━━━━━ Extracted material

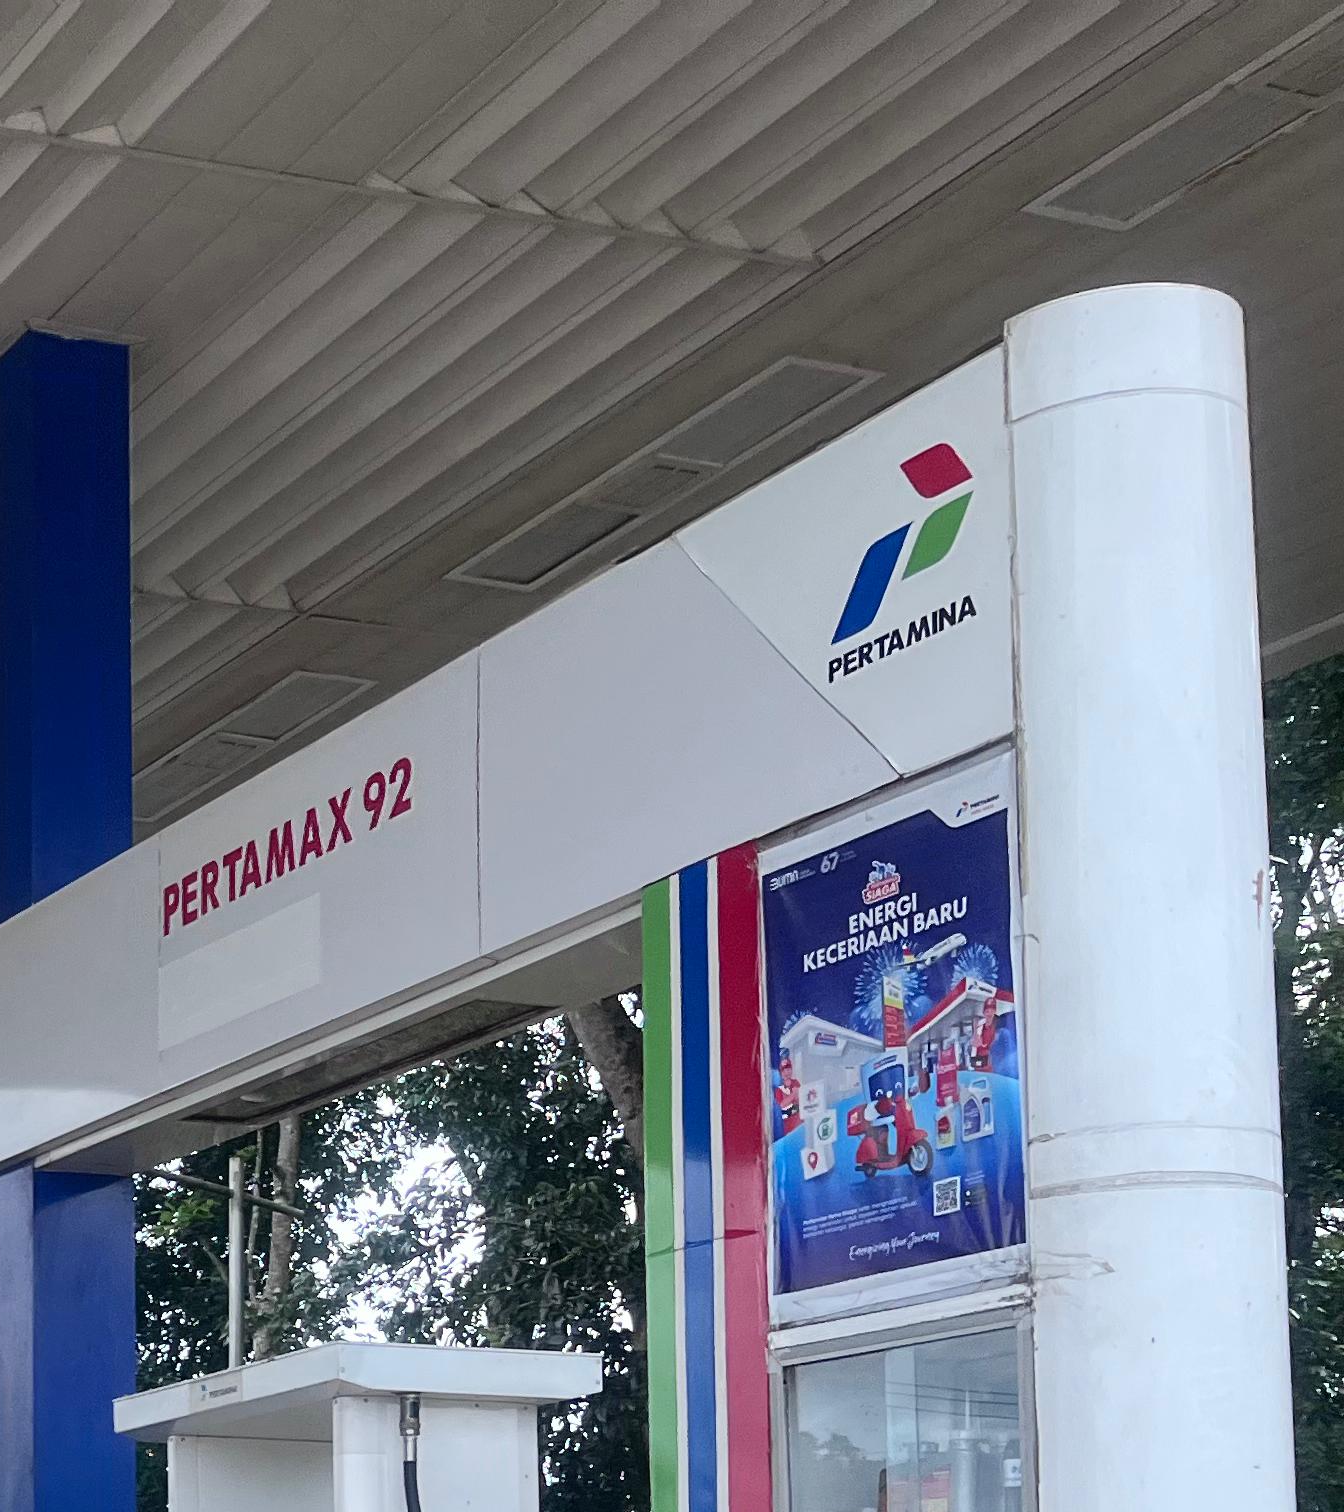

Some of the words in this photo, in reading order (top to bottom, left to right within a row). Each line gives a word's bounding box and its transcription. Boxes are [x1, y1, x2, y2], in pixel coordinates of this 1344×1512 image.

[828, 594, 977, 684] PERTAMINA
[162, 786, 353, 937] PERTAMAX
[362, 756, 413, 831] 92
[820, 852, 840, 874] 67
[848, 892, 917, 935] ENERGI
[866, 882, 897, 900] SIAGA
[803, 920, 909, 973] KECERIAAN
[913, 896, 968, 934] BARU
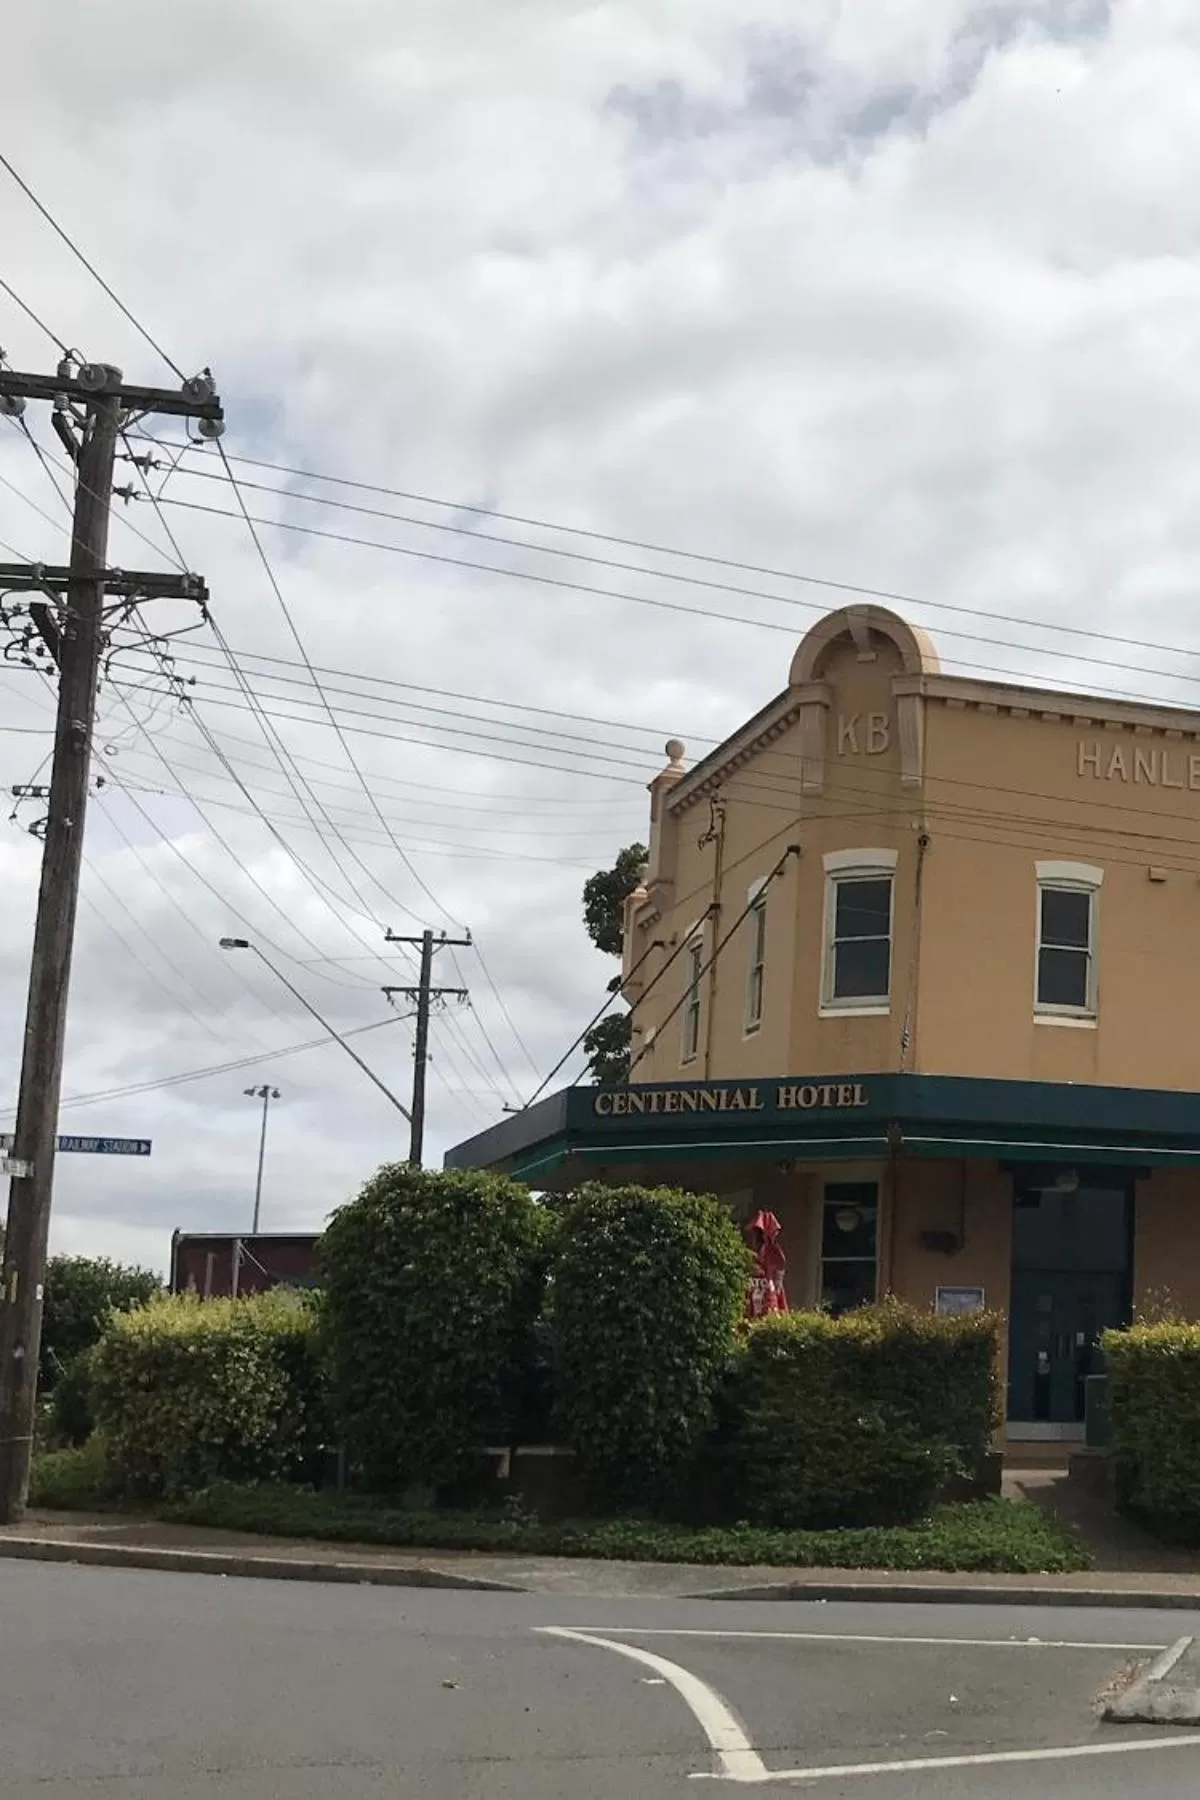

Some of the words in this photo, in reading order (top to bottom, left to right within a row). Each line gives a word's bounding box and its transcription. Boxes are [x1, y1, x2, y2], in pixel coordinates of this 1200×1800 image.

[837, 711, 889, 756] KB
[594, 1086, 764, 1116] CENTENNIAL
[776, 1083, 869, 1109] HOTEL
[60, 1136, 99, 1150] RAILWAY
[103, 1139, 138, 1153] STATION
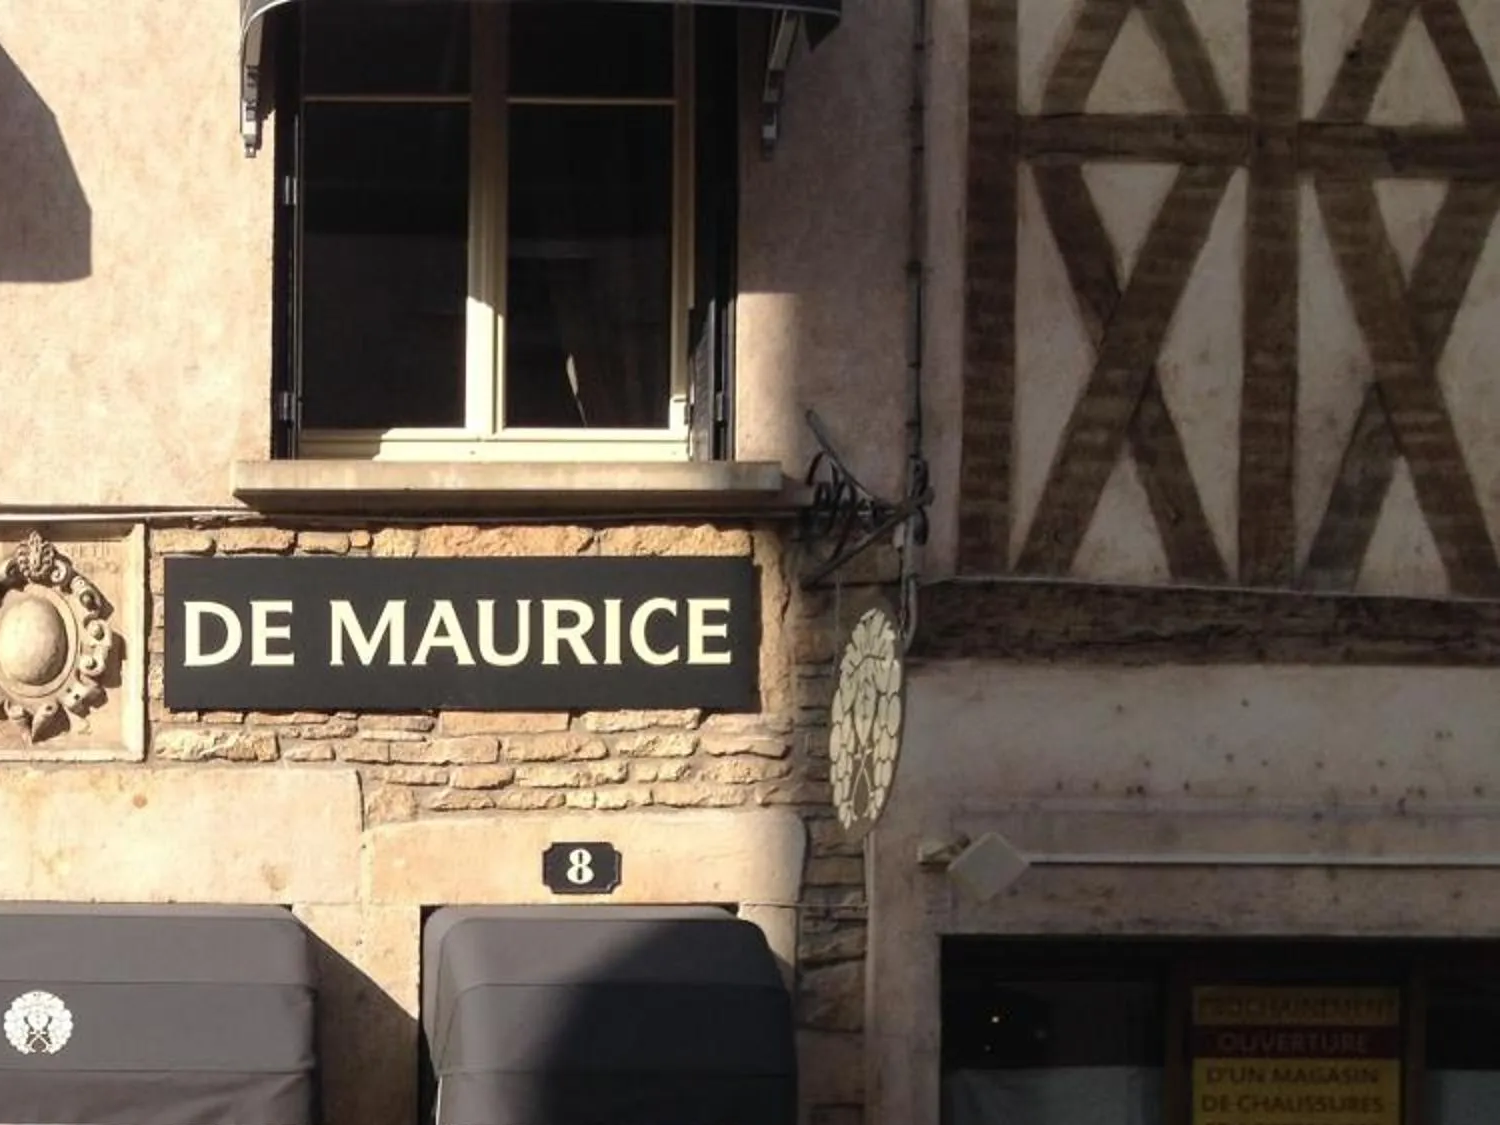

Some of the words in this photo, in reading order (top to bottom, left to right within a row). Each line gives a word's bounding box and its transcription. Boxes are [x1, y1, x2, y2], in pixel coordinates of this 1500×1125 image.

[182, 599, 295, 667] DE
[328, 597, 733, 667] MAURICE
[565, 847, 595, 886] 8
[1217, 1032, 1369, 1053] OUVERTURE
[1206, 1066, 1265, 1084] D'UN
[1272, 1066, 1380, 1085] MAGASIN
[1202, 1095, 1231, 1113] DE
[1236, 1095, 1386, 1114] CHAUSSURES
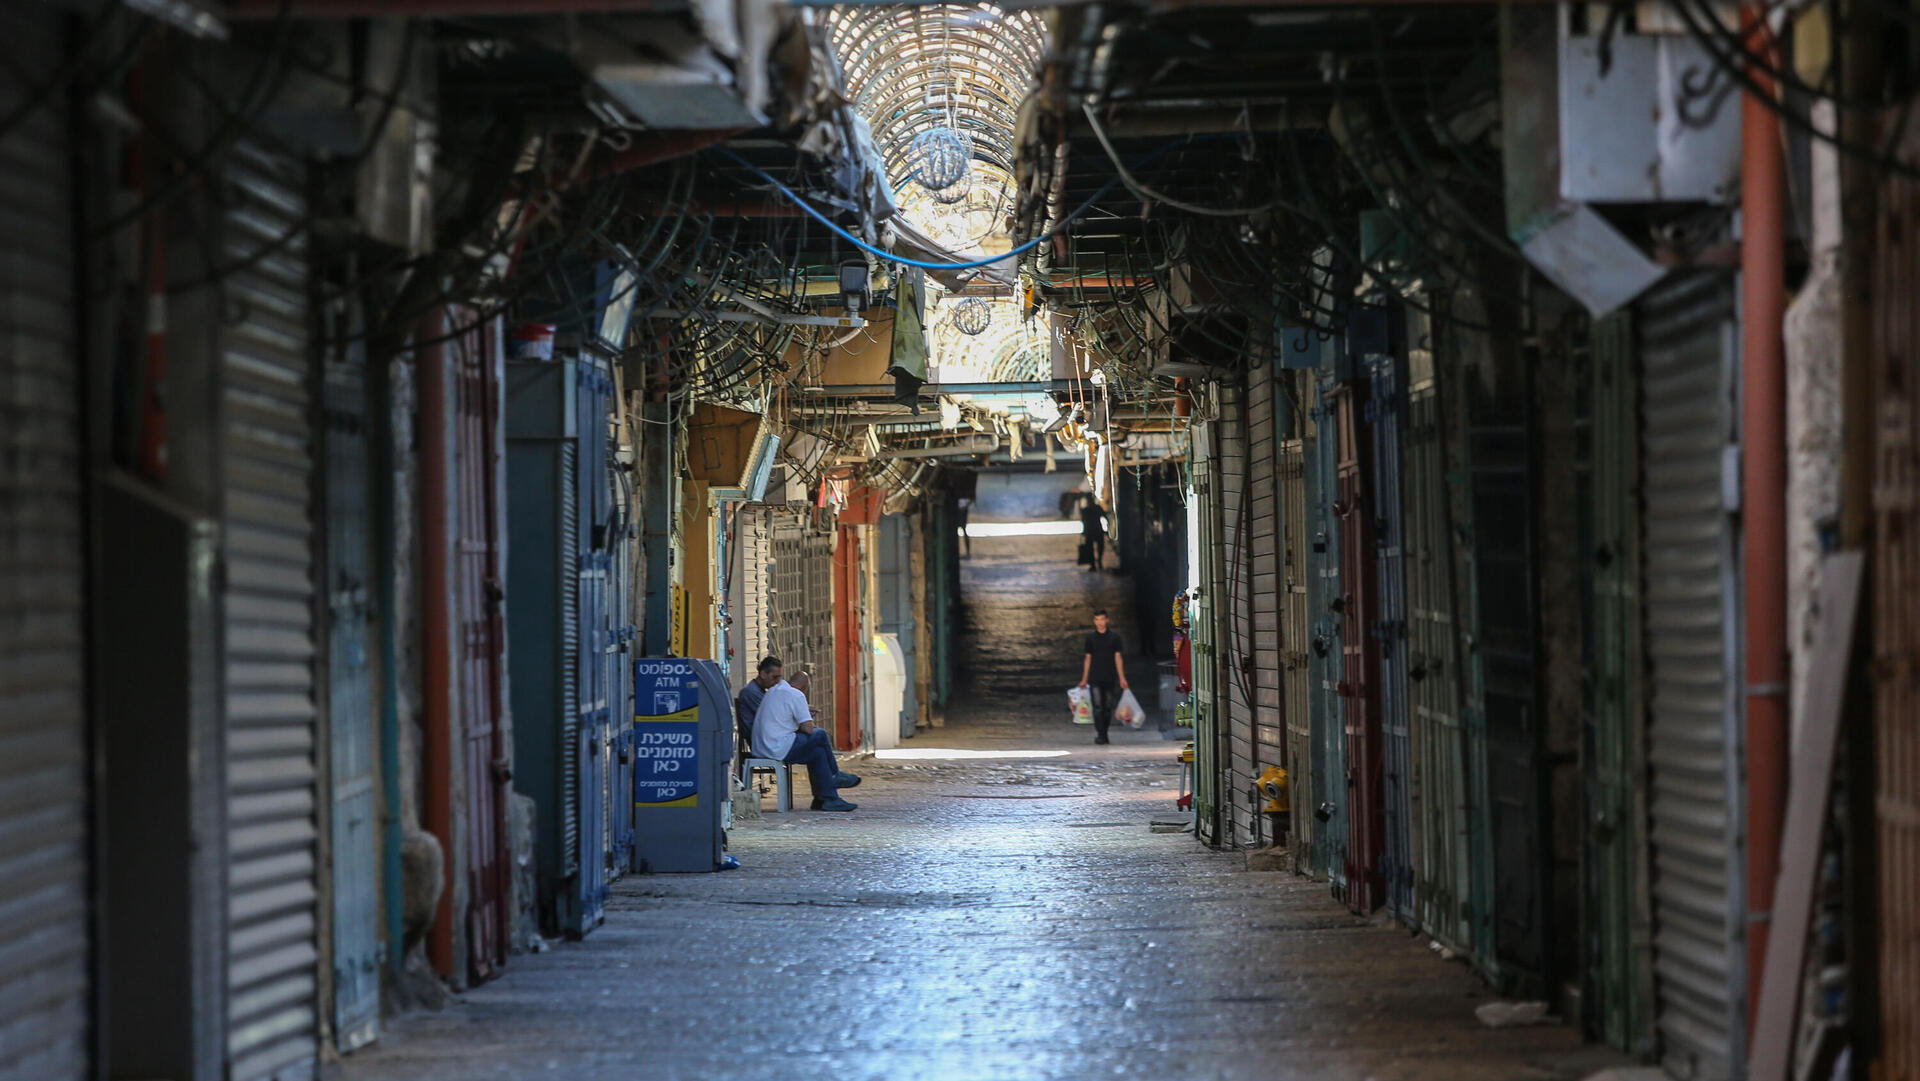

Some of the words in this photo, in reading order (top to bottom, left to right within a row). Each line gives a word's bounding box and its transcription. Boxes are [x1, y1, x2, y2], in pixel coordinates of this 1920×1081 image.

[655, 677, 680, 687] ATM
[640, 733, 693, 744] משיכת
[638, 747, 695, 758] מזומנים
[653, 760, 680, 774] כאן
[657, 788, 677, 798] כאן

━━━━━━━━━━

Transcribe all records verbatim, no pictures.

■ **Solution for this task**
Some of the words in this photo, in reading order (top to bottom, left to right within a row). Each line gives a word's bounding box and its transcription. Boxes are [x1, y1, x2, y2], in pixel coordinates of this 1344×1512 image.

[828, 594, 977, 684] PERTAMINA
[162, 786, 353, 937] PERTAMAX
[362, 756, 413, 831] 92
[820, 852, 840, 874] 67
[848, 892, 917, 935] ENERGI
[866, 882, 897, 900] SIAGA
[803, 920, 909, 973] KECERIAAN
[913, 896, 968, 934] BARU

Some of the words in this photo, in reading order (top to bottom, left to right within a row). Each line gives a word's bounding box and its transcription. Boxes are [x1, y1, x2, y2], in pixel coordinates of this 1200×1800 image.

[837, 711, 889, 756] KB
[594, 1086, 764, 1116] CENTENNIAL
[776, 1083, 869, 1109] HOTEL
[60, 1136, 99, 1150] RAILWAY
[103, 1139, 138, 1153] STATION

Some of the words in this photo, in reading order (top to bottom, left to right within a row). Each line gives a word's bounding box and its transcription. Boxes are [x1, y1, x2, y2], in pixel coordinates of this 1500×1125 image.

[182, 599, 295, 667] DE
[328, 597, 733, 667] MAURICE
[565, 847, 595, 886] 8
[1217, 1032, 1369, 1053] OUVERTURE
[1206, 1066, 1265, 1084] D'UN
[1272, 1066, 1380, 1085] MAGASIN
[1202, 1095, 1231, 1113] DE
[1236, 1095, 1386, 1114] CHAUSSURES

Some of the words in this photo, in reading order (top to bottom, left to right within a row). Each line gives a word's bounding box and its transcription. Boxes are [x1, y1, x2, y2], in pixel coordinates of this 1920×1081 image.

[655, 677, 680, 687] ATM
[640, 733, 693, 744] משיכת
[638, 747, 695, 758] מזומנים
[653, 760, 680, 774] כאן
[657, 788, 677, 798] כאן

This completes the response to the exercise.